For a week he was fiercely beaten because he gave the same answer to one question. Where did he meet the Hungarian Nobel Prize Winner in Science during the war? Istanbul, George said, and went on saying it because it was true. Each reply provided days and nights of torture. Finally

the exasperated interrogator shouted: 'You liar,

we have it here in writing that you met him

in Constantinople]'

When he forced his tormentors to remove the sentence about being a lifelong enemy of the working class, he signed the rubbish. He was accused of serving the 'imperialist spy ring', the United Nations Association, an amalgam of groups of ordinary private citizens in the US and Britain who supported the work of the UN mainly by arranging lectures.

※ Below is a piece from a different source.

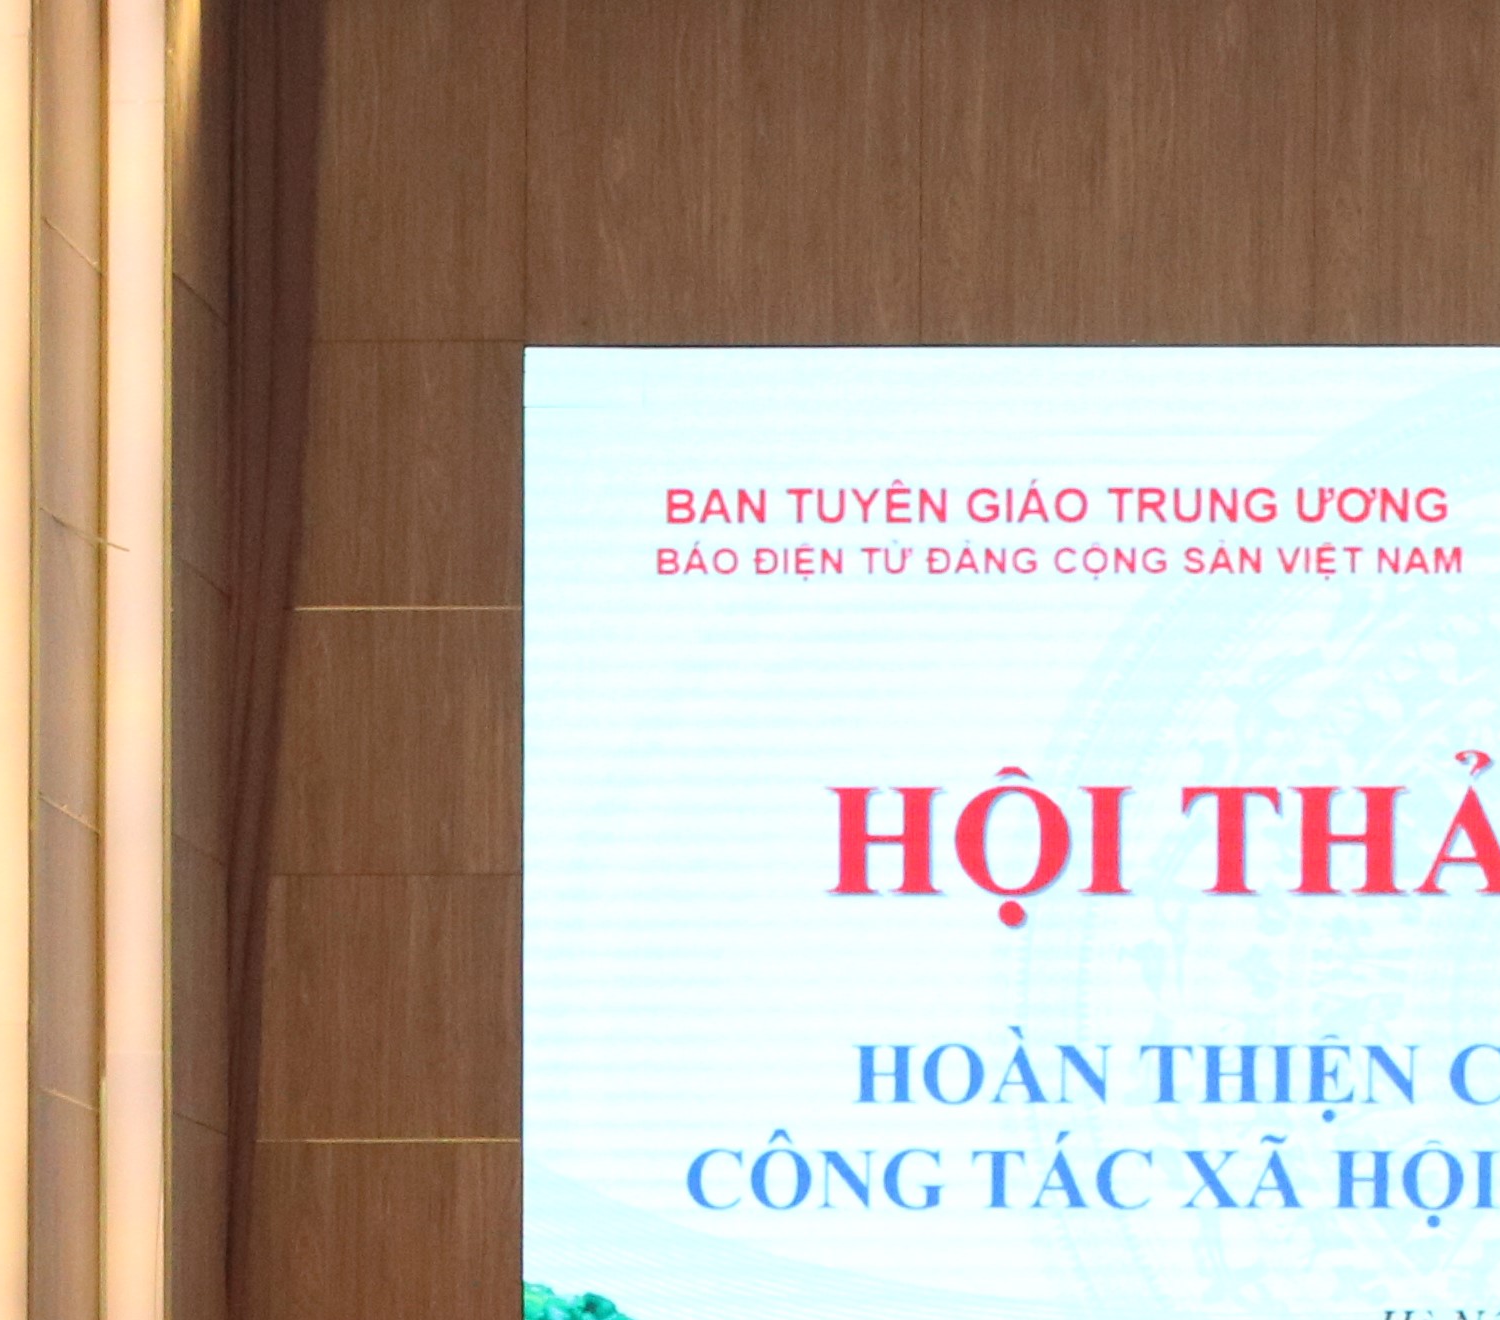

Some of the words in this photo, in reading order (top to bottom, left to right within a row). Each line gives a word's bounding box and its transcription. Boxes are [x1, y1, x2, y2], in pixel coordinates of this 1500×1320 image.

The judge came to rehearse him in his answers for the trial. He was tried with five others. The prosecutor asked for the death penalty but they had been hanging enough innocent people after propaganda trials and grown lenient. He received a sentence of 15 years. The five years that George Paloczi-Horvath spent in various Hungarian prisons are described calmly, factually. They make fascinating reading and are a wonder: because he came out intact. One day a guard led him to the prison door, opened it and waved him off. That was all. Later in Budapest the CP called him in and said sorry, it was a mistake, you can have your party card again. George said thank you, no; 'from now on I will be guided only by my own conscience'.

The lead-up to the 1956 Hungarian Revolution, the days of the Revolution and the final escape are a participant's view of a heroic historical event. History is a killer, but George Paloczi-Horvath, helplessly embroiled in its violence, survived to write a great adventure story.